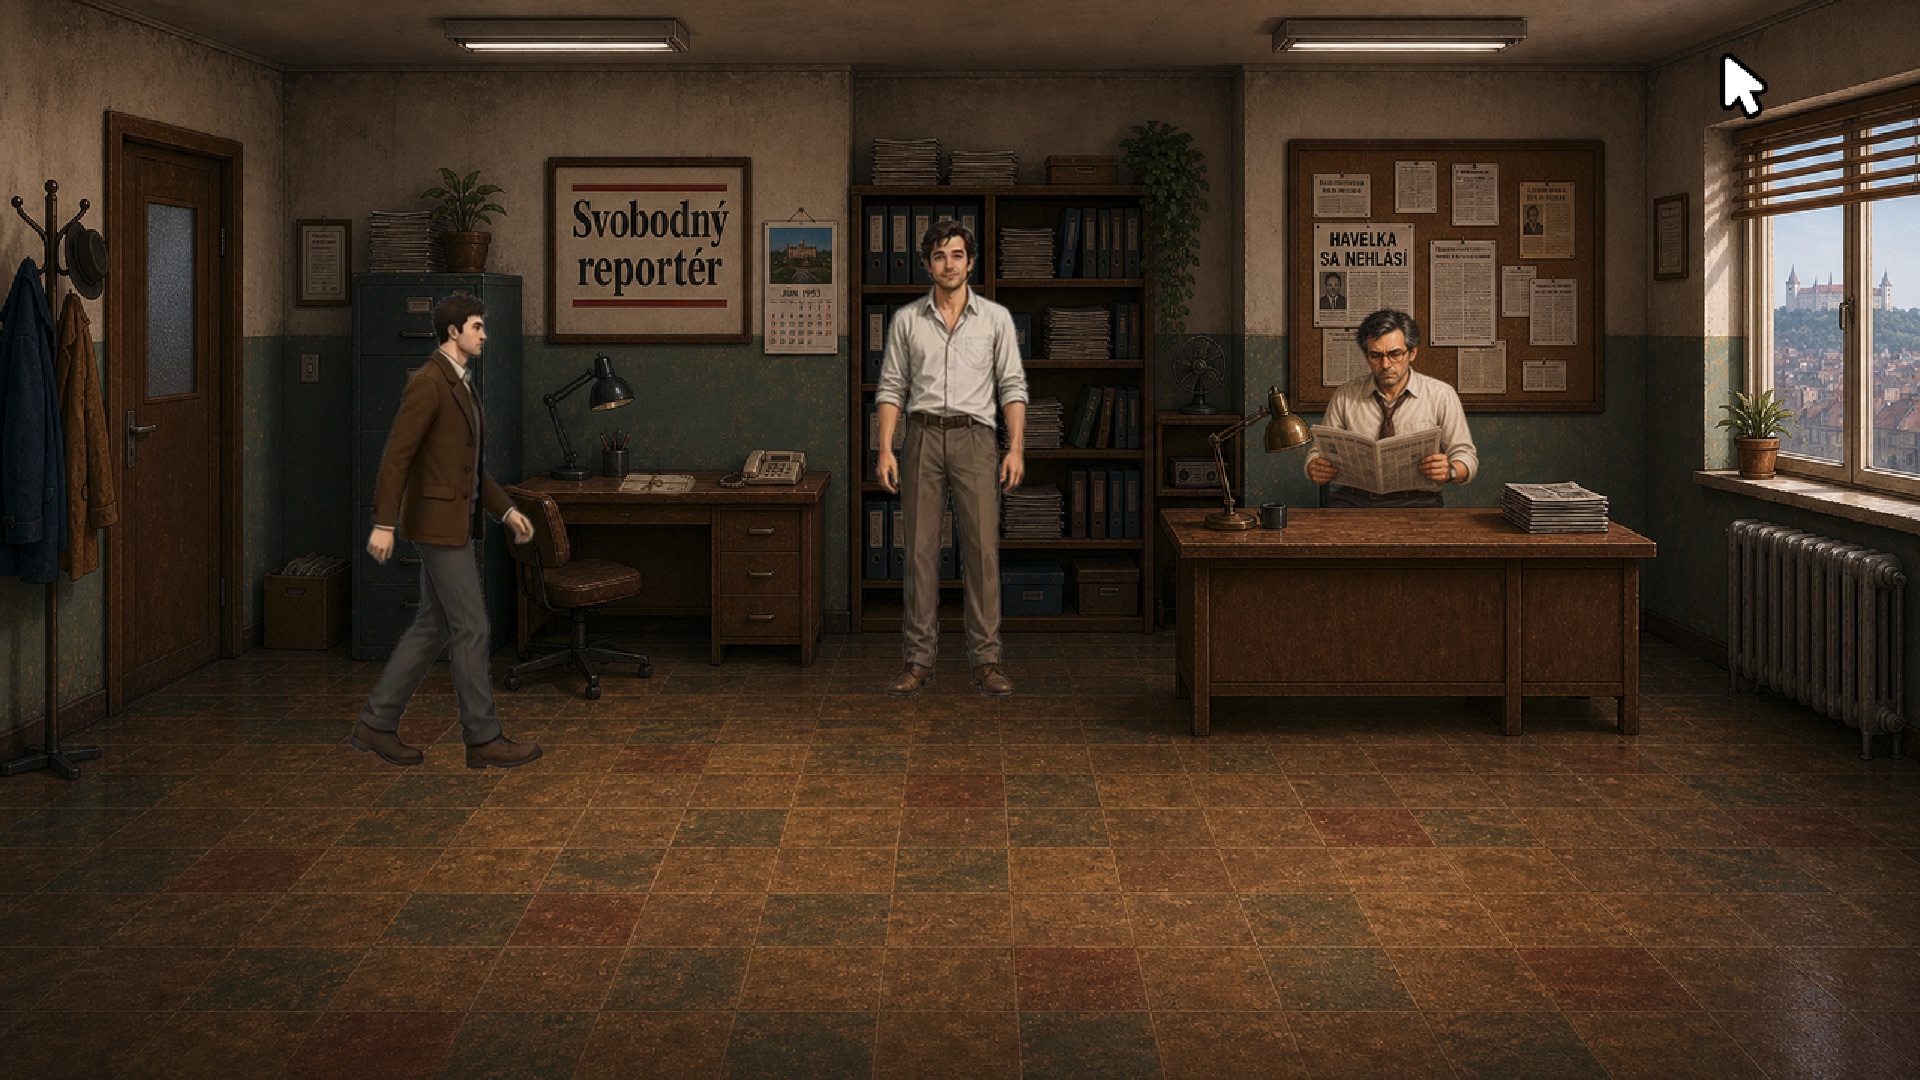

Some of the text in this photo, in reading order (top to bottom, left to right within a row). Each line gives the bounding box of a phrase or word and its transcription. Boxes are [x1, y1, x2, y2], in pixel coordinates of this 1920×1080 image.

[572, 199, 729, 247] Svobodný
[1329, 231, 1397, 247] HAVELKA
[577, 247, 723, 296] reportér
[1320, 251, 1341, 267] SA
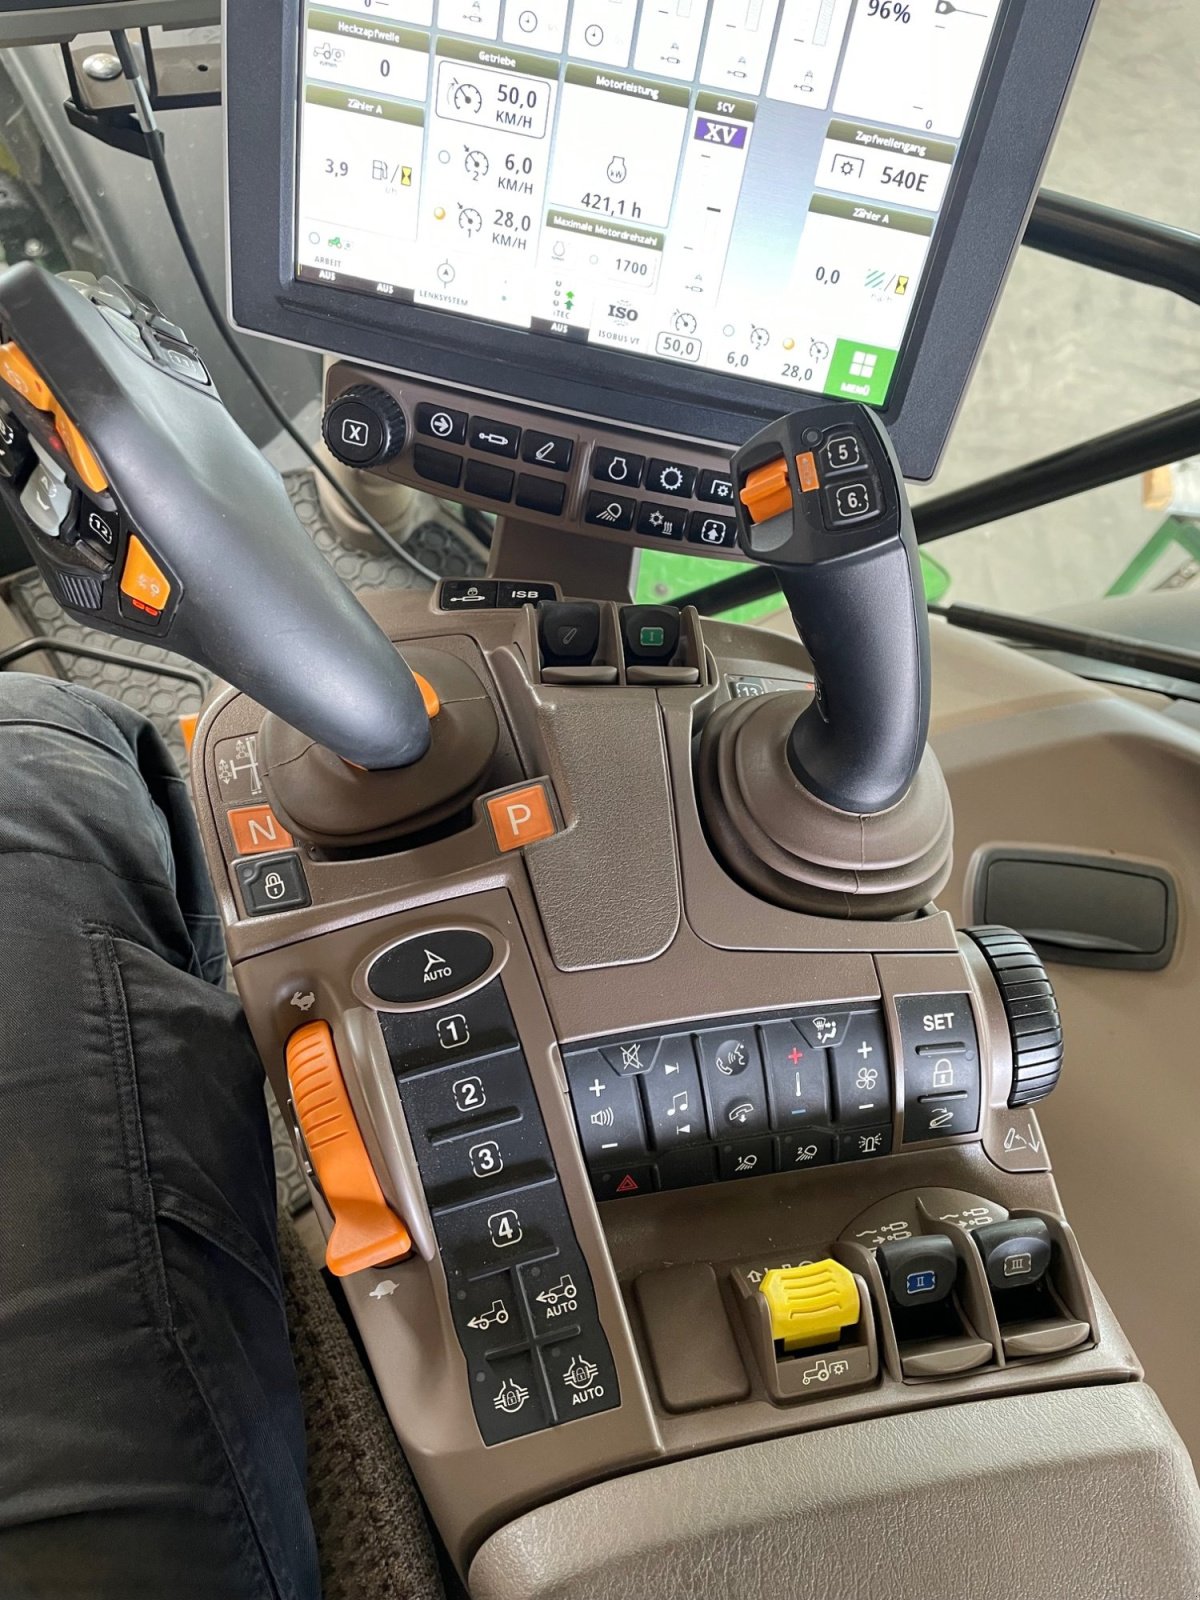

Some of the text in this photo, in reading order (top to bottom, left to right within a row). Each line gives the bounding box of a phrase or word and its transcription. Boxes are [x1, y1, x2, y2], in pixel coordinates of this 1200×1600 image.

......

(ASSIGNMENT): The expected output is the full data above, reproduced exactly with no images.

(EXERCISE RESULT):
Some of the text in this photo, in reading order (top to bottom, left to right within a row). Each line gives the bounding box of a phrase or word and its transcription. Boxes are [x1, y1, x2, y2], in pixel coordinates of this 1920×1080 image.

[572, 199, 729, 247] Svobodný
[1329, 231, 1397, 247] HAVELKA
[577, 247, 723, 296] reportér
[1320, 251, 1341, 267] SA

Some of the text in this photo, in reading order (top to bottom, left to right within a row). Each line gives the bounding box of a phrase or word and its transcription. Boxes are [x1, y1, x2, y2], in pixel coordinates of this 1200×1600 image.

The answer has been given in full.